Did Ira’s first kiss live up to his expectations? Not at all.

Did that matter? Of course not.

Jamie jumped down from the tree. Turns out they weren’t that high up.

“I’ll go turn myself in,” he said. “Only one of us can win anyway.”

He was gone, and Ira was alone, swelling with embarrassment and anger. He wanted to chase after Jamie, push him to the ground, or just do anything to make sure he didn’t tell anyone what happened. How horrible would that be? Jamie and Ira sitting in a tree K-I-S-S-I-N-G. He wasn’t a fag like Jamie.

Climbing down, he thought about walking home, never being found. The game of manhunt would never really end, and Mrs. Boudreau would panic when she learned one of the partygoers was missing in action. Jamie would be the last one who saw him, and they’d ask all kinds of questions. When he slouched back into the light of the campfire people laughed, and for a moment Ira froze. But they just joked about calling the police to find him. No mention of Jamie. The Drama Queen had left before they broke out the marshmallows and toasted s’mores to the end of summer.

After the party, he caught a ride home from Michelle Camden, who lived two houses down from him, and often gave him a lift from school. Since Ira was little, his mother and sister made jokes about how someday he and Michelle would get married. They didn’t hang out really, not since elementary school, but had always been friendly, if not exactly friends. He felt bad for lying about kissing her, and thought maybe he should ask her to make out. That way he’d have an alibi for his first kiss. She would back him up. But the thought made him feel small and gross. In the glow of the headlights reflecting off the asphalt, he tried to map the contours of her face, like that would tell him whether she was really a lesbian. Then again he had no idea what a lesbian looked like. Maybe this. Gosh, Michelle was good-looking. She’d never needed braces. She was tall, played softball, and could probably kick his ass, not that it would be very hard. Ira knew he was gangly with puberty, all angles, and not an ounce of muscle. He played basketball in middle school, but didn’t make the cut for the high school team.

“Where did you hide?” she asked.

“I’ll never tell.”

“Big secret, huh?”

“Oh, the biggest.”

They laughed a little. She dropped him off and said goodnight. His parents were still awake, sitting in the living room, watching the eleven o’clock news. They asked how the party was.

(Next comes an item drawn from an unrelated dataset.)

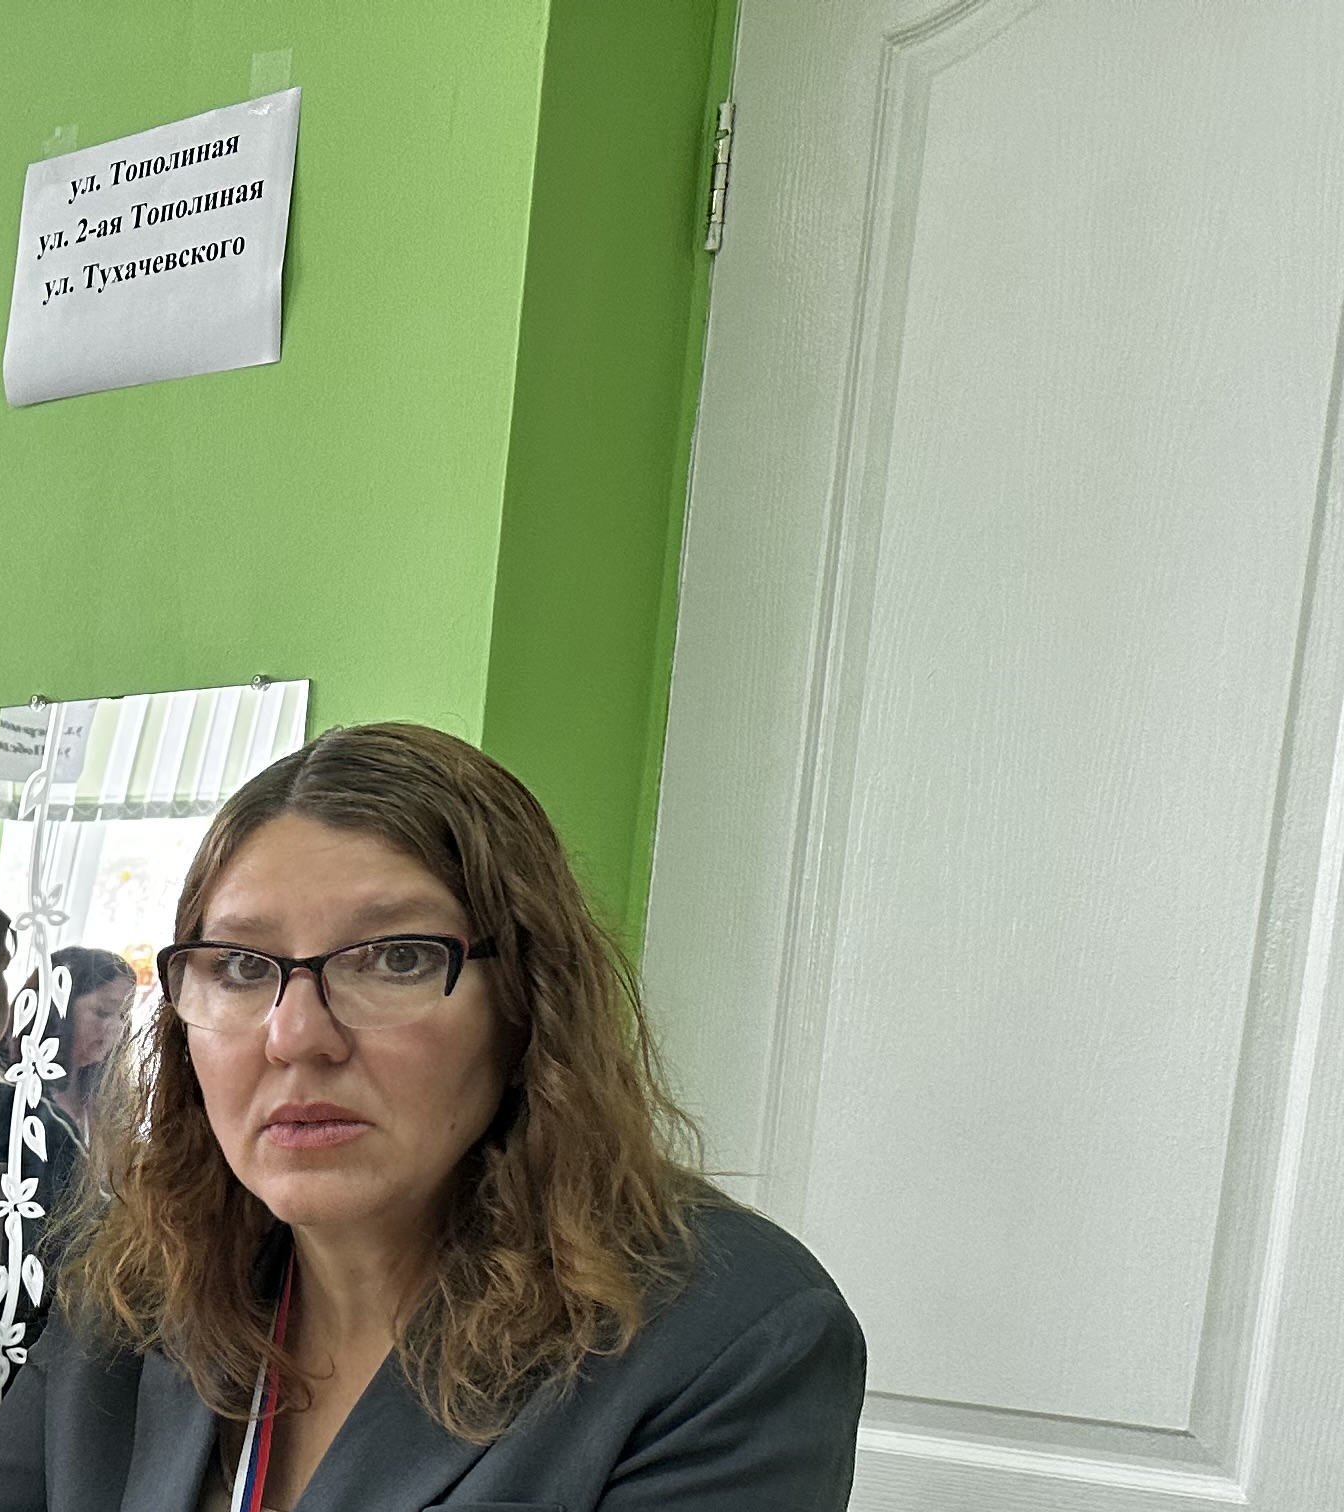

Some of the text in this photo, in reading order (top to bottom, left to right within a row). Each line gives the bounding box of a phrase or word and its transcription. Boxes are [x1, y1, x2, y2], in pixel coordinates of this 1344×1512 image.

[69, 134, 241, 203] ул. Тополиная
[38, 179, 266, 260] ул. 2-ая Тополиная
[44, 234, 246, 304] ул. Тухачевского

“Total drag,” he said, going right to his room. He put Green Day’s Dookie in his cassette player and by the time he pressed repeat he wasn’t thinking of Jamie anymore.

His dreams betrayed him. Like holy shit could you die from all the blood rushing from your head to your crotch?

In the morning he made a mental list of definitive proof he wasn’t gay. He’d jerked off to Playboys in Brian Boudreau’s basement more than once. He’d gotten hard in the movie theater during Forrest Gump when Jenny was naked. He thought Freddie Mercury was only okay—kind of overrated, honestly. Besides, being gay was something you knew, you just felt, and he didn’t. Simple as that.

On the first day of school, before going to work at the Post Office, Ira’s dad drove him from their house in Kingsfield to St. Pierre High.

“Hey, Dad,” Ira started. “If I don’t have kids, does the family name die?”

“What?” His dad chuckled. “It’s a little early for an existential crisis, don’t you think?”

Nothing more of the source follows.